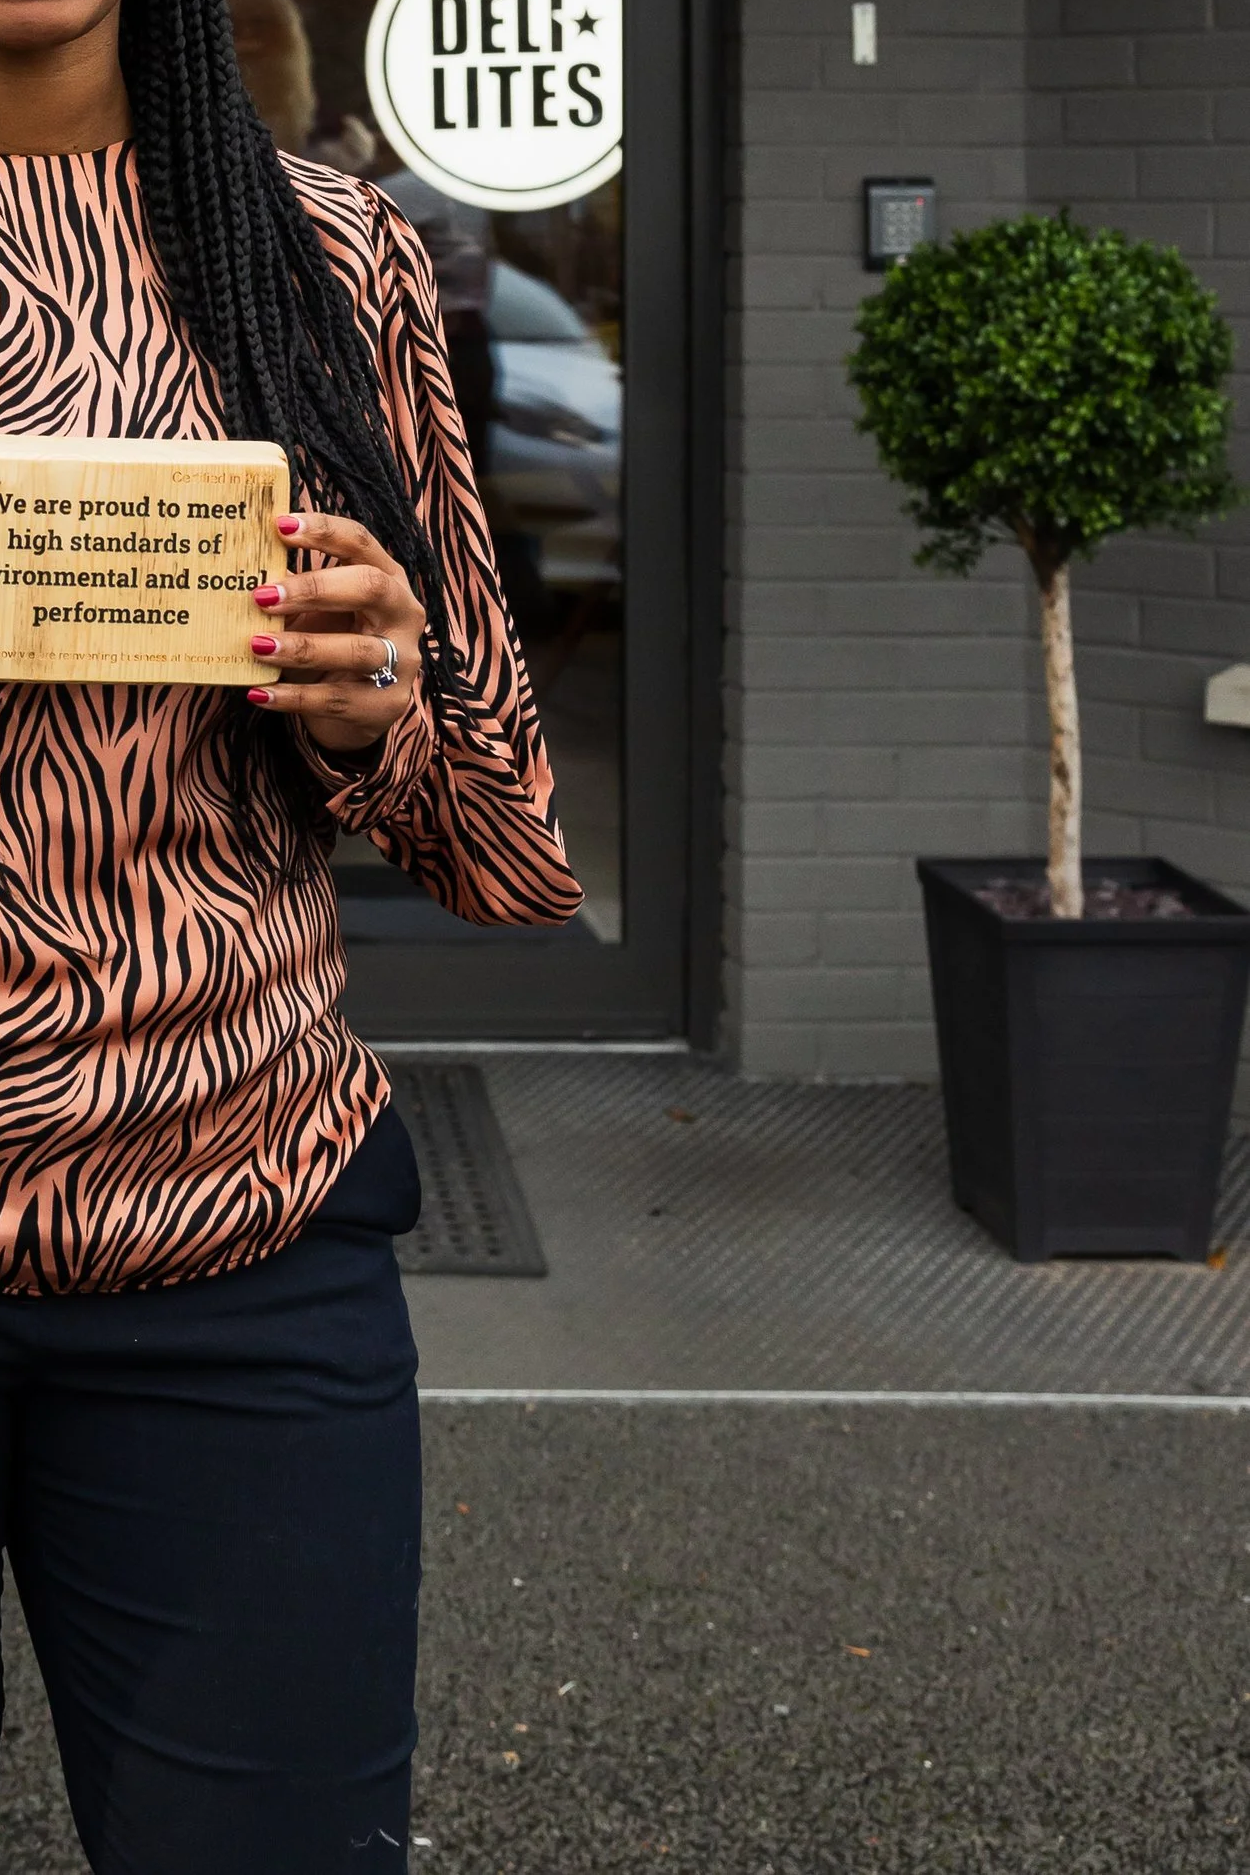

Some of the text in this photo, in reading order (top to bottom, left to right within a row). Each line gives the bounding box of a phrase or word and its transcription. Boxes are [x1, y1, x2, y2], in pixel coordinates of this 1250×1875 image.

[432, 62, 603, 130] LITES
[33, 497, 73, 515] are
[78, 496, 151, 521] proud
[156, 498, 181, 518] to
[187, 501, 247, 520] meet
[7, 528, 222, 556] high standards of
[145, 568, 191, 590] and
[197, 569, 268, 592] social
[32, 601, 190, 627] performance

- - -

● **About this exercise**: Quote the listing above in full, except for the pictures.

● **Expected output**:
Some of the text in this photo, in reading order (top to bottom, left to right within a row). Each line gives the bounding box of a phrase or word and its transcription. Boxes are [x1, y1, x2, y2], in pixel coordinates of this 1250×1875 image.

[432, 62, 603, 130] LITES
[33, 497, 73, 515] are
[78, 496, 151, 521] proud
[156, 498, 181, 518] to
[187, 501, 247, 520] meet
[7, 528, 222, 556] high standards of
[145, 568, 191, 590] and
[197, 569, 268, 592] social
[32, 601, 190, 627] performance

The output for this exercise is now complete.